| Task instructions |
This calls for a verbatim copy of all the data, with no images carried over.

| Data extract |
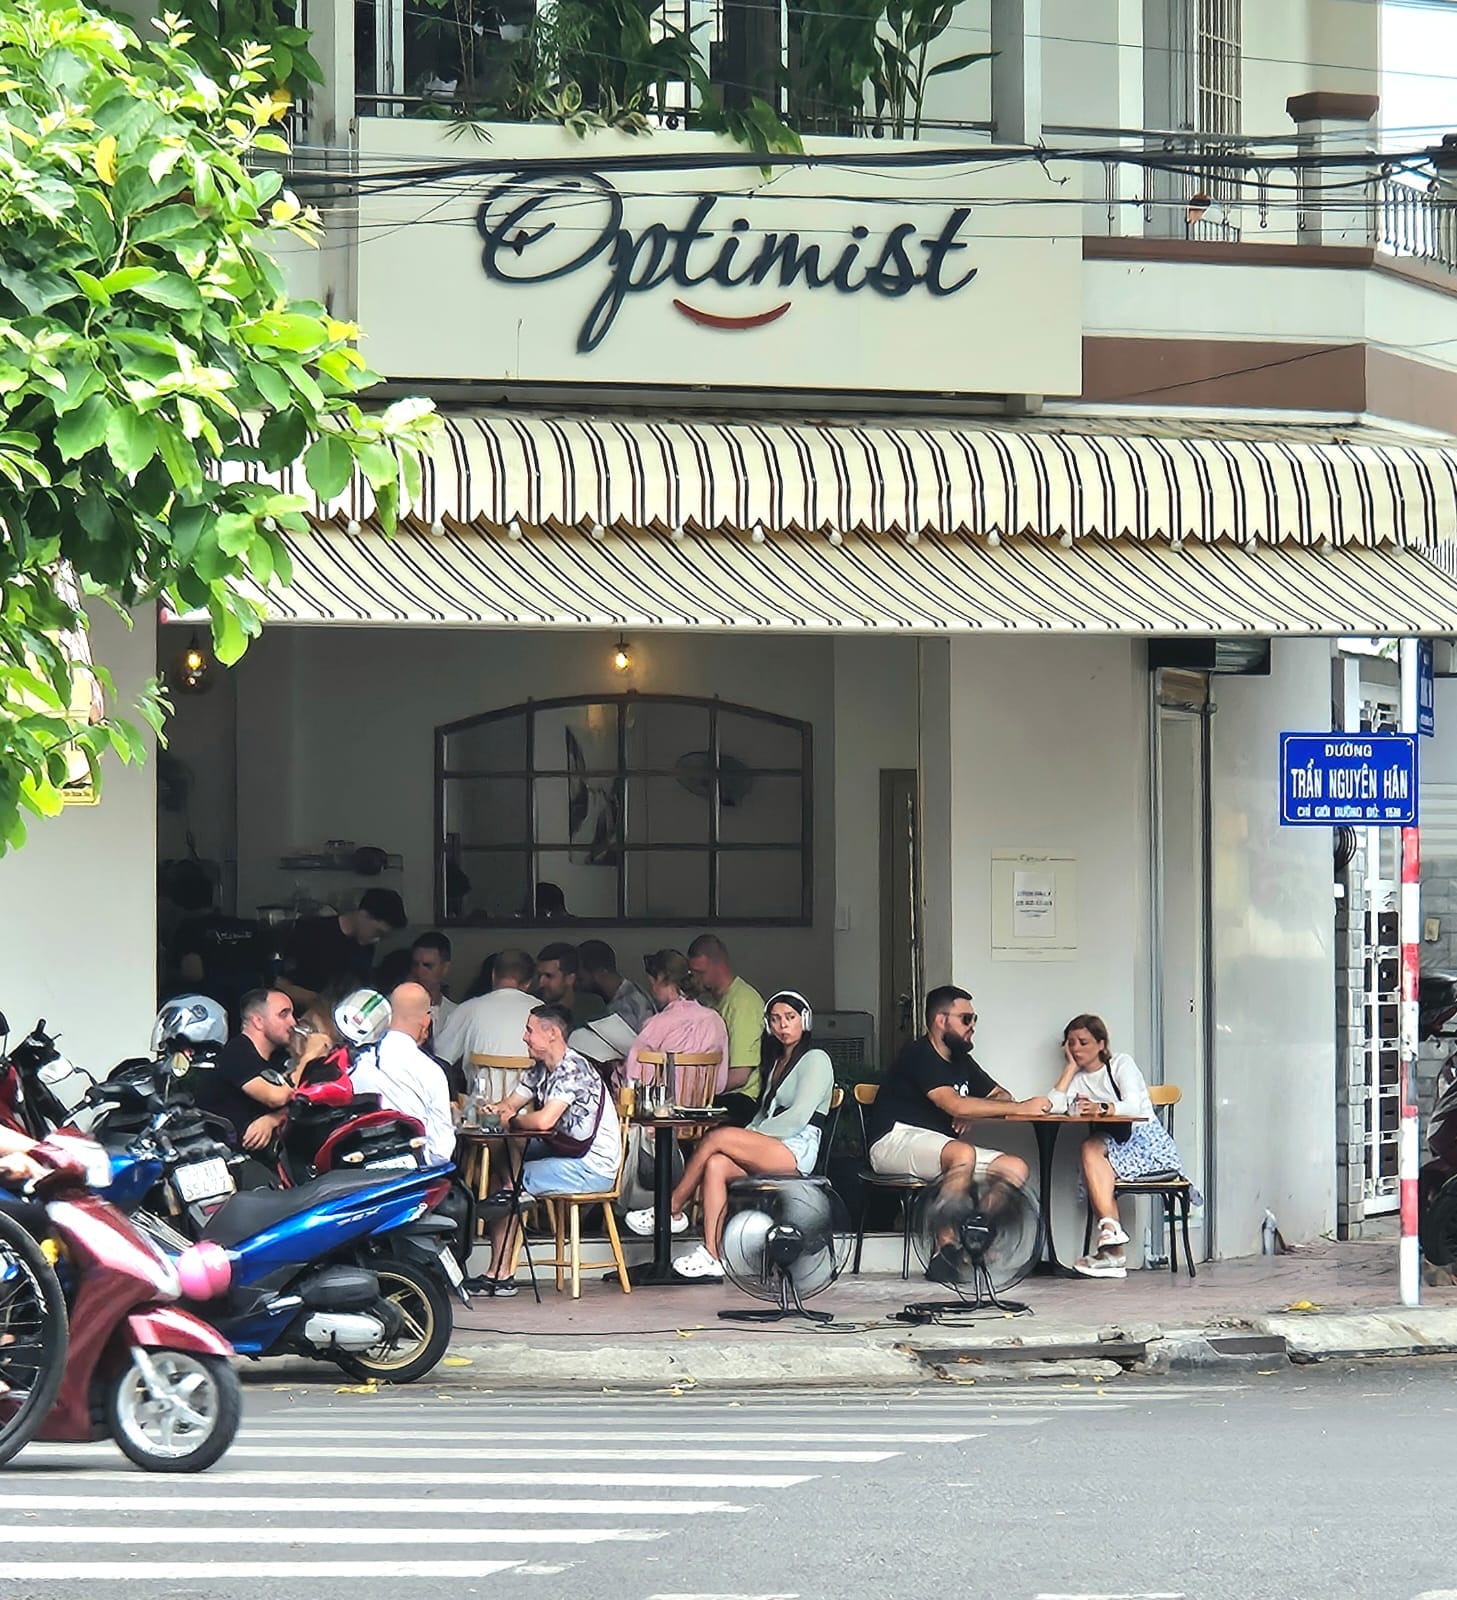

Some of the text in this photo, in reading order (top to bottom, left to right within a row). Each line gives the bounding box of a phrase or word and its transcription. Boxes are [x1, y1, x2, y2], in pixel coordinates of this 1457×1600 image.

[476, 171, 978, 354] Optimist
[1325, 741, 1373, 757] ĐƯỜNG
[1329, 762, 1378, 799] NGUYÊN
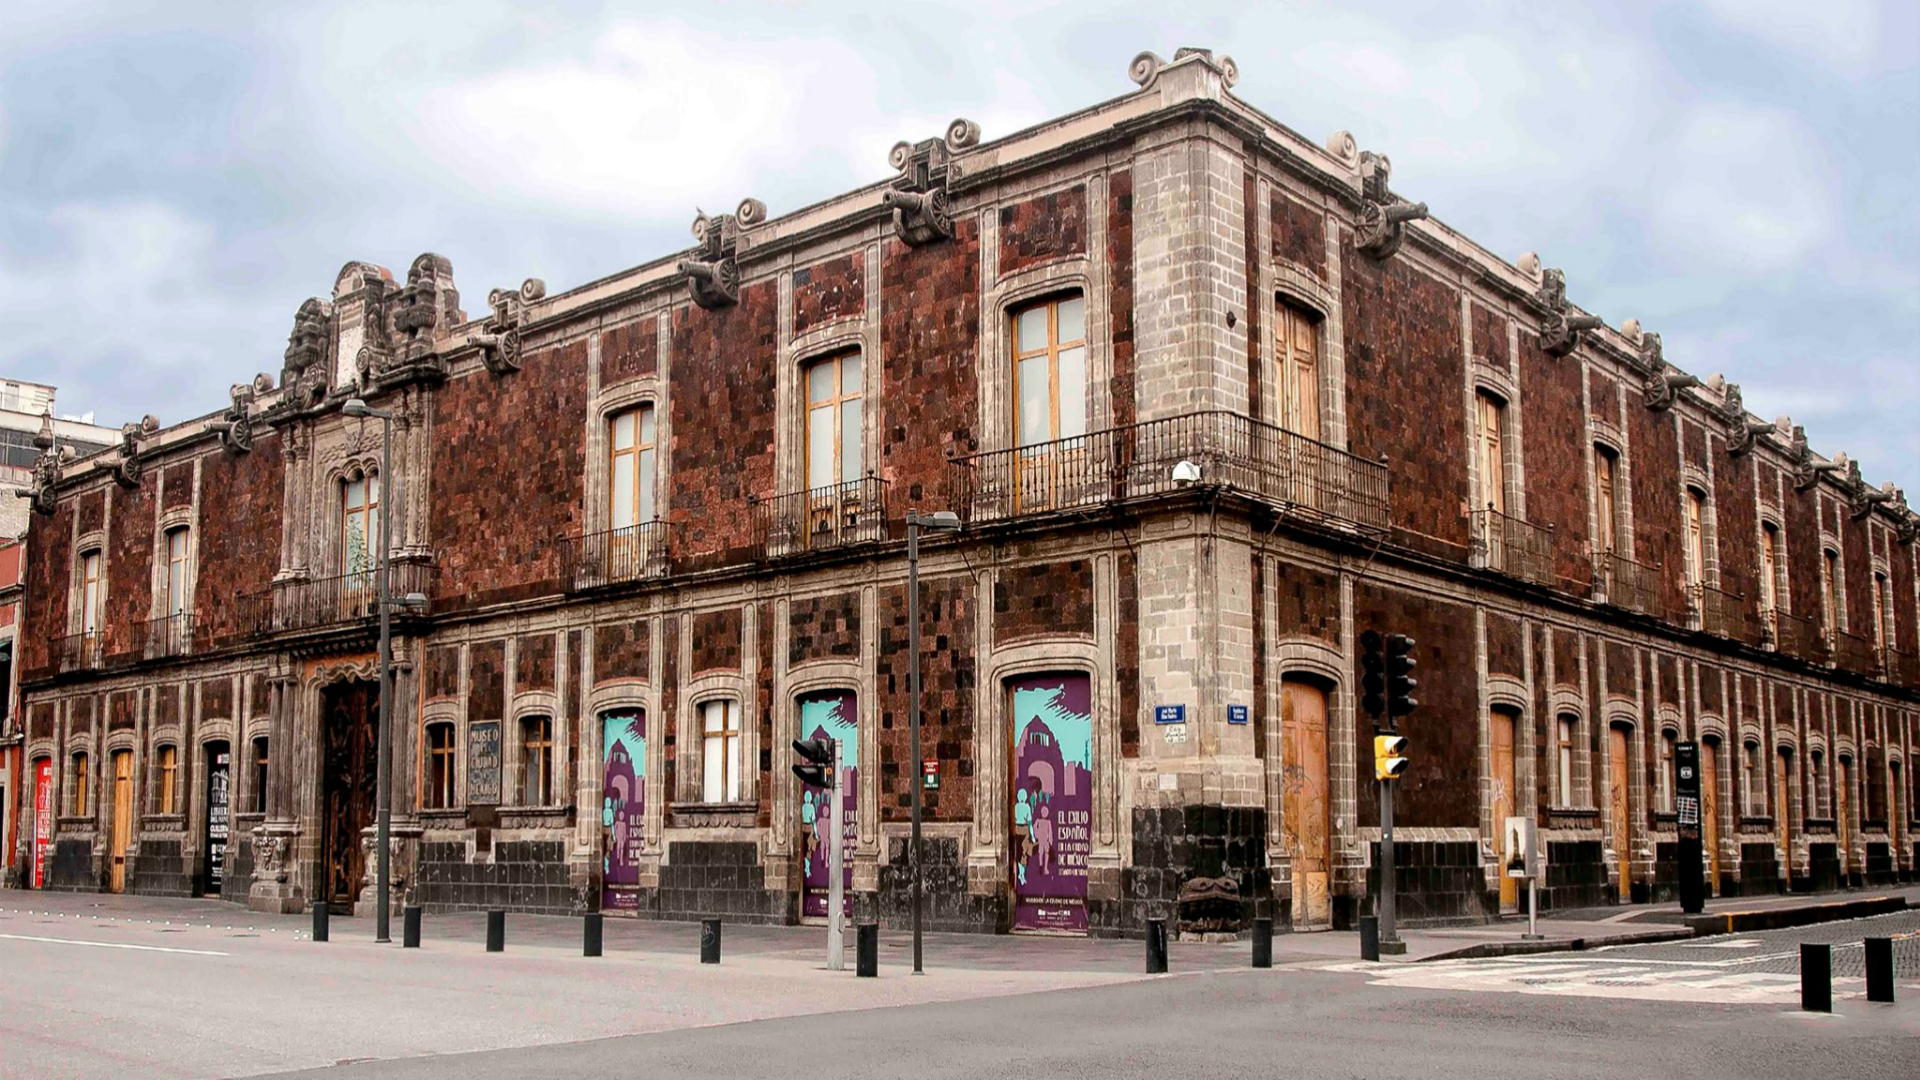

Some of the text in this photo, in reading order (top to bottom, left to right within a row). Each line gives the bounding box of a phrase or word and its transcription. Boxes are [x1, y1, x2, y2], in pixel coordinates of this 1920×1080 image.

[471, 729, 499, 742] MUSEO
[471, 756, 498, 769] CIUDAD
[1058, 810, 1088, 825] EL EXILIO
[1058, 825, 1089, 840] ESPAÑOL
[1058, 852, 1089, 866] DE MÉXICO

| Task output |
Some of the text in this photo, in reading order (top to bottom, left to right within a row). Each line gives the bounding box of a phrase or word and its transcription. Boxes are [x1, y1, x2, y2], in pixel coordinates of this 1457×1600 image.

[476, 171, 978, 354] Optimist
[1325, 741, 1373, 757] ĐƯỜNG
[1329, 762, 1378, 799] NGUYÊN

Some of the text in this photo, in reading order (top to bottom, left to right within a row). Each line gives the bounding box of a phrase or word and its transcription. Boxes are [x1, y1, x2, y2], in pixel coordinates of this 1920×1080 image.

[471, 729, 499, 742] MUSEO
[471, 756, 498, 769] CIUDAD
[1058, 810, 1088, 825] EL EXILIO
[1058, 825, 1089, 840] ESPAÑOL
[1058, 852, 1089, 866] DE MÉXICO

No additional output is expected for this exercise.